Member of the Kerala Legislative Assembly
- Incumbent
- Assumed office 2019
- Preceded by: Hibi Eden
- Constituency: Ernakulam, Kerala

Personal details
- Born: April 6, 1963 (age 63) Palarivattom, Ernakulam, Kerala, India
- Party: Indian National Congress
- Spouse: Shimitha Vinod
- Children: Sneha Vinod, Varun Vinod
- Parent(s): T. M. Joseph (father), Celin Joseph (mother)
- Alma mater: St.
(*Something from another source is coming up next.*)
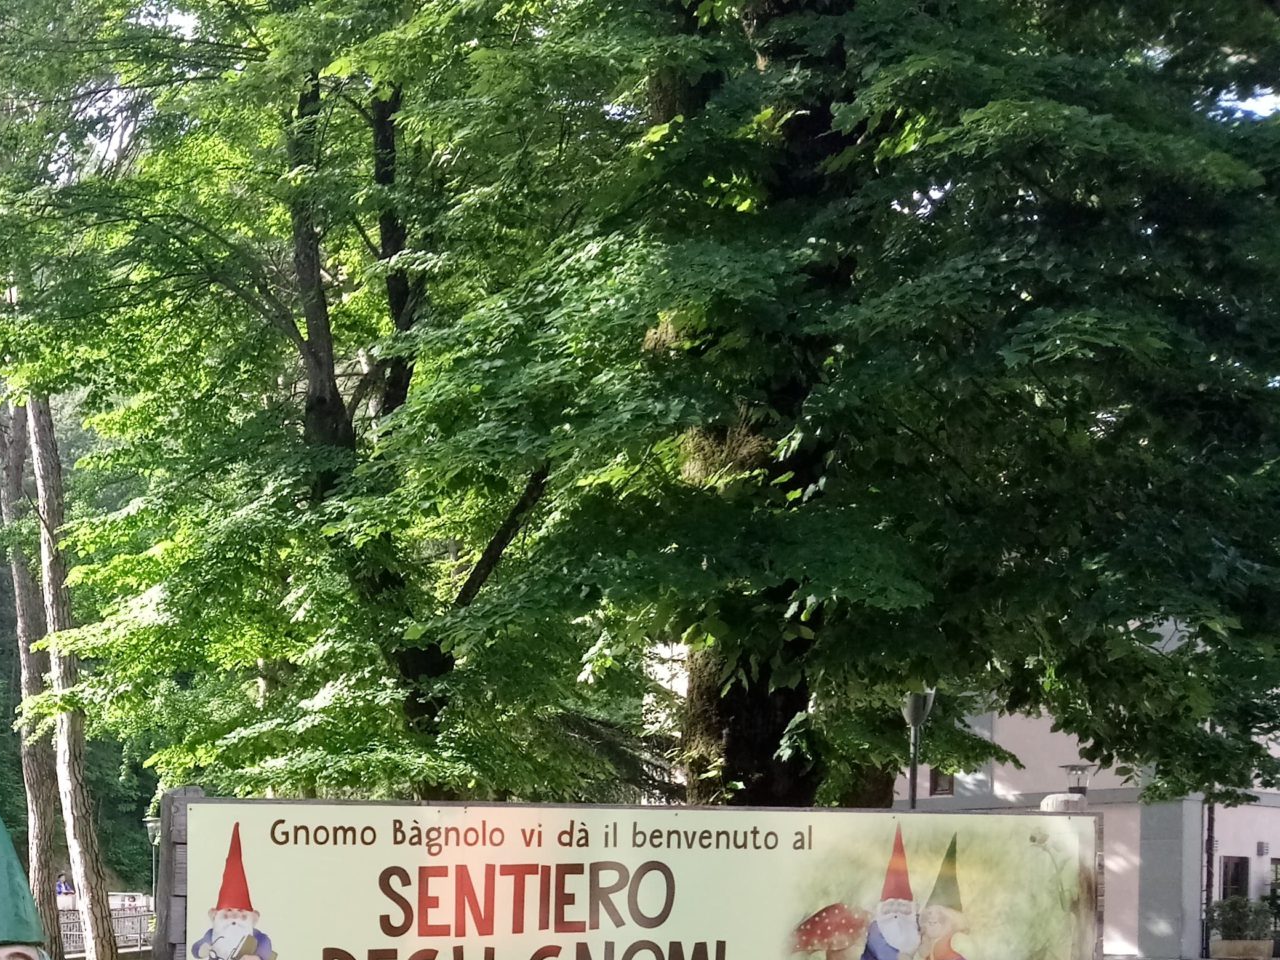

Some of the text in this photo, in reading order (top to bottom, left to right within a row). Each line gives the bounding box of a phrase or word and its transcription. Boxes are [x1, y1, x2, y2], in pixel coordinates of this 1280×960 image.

[270, 819, 812, 856] Gnomo Bàgnolo vi dà il benvenuto al
[379, 860, 675, 937] SENTIERO
Paul’s College, Kalamassery (B.Com)
- Occupation: Politician

= T. J. Vinod =

Indian politician

Thaivelikkakath Joseph Vinod (born 6 April 1963) is an Indian politician from the Indian National Congress, currently serving as the Member of the Legislative Assembly (MLA) representing the Ernakulam State Assembly constituency.
A senior Congress leader from Ernakulam district, he has also served as the Deputy Mayor of the Kochi Municipal Corporation and as the President of the District Congress Committee (DCC) Ernakulam.
Vinod is known for his grassroots political work, youth leadership, and civic development initiatives in the Kochi region.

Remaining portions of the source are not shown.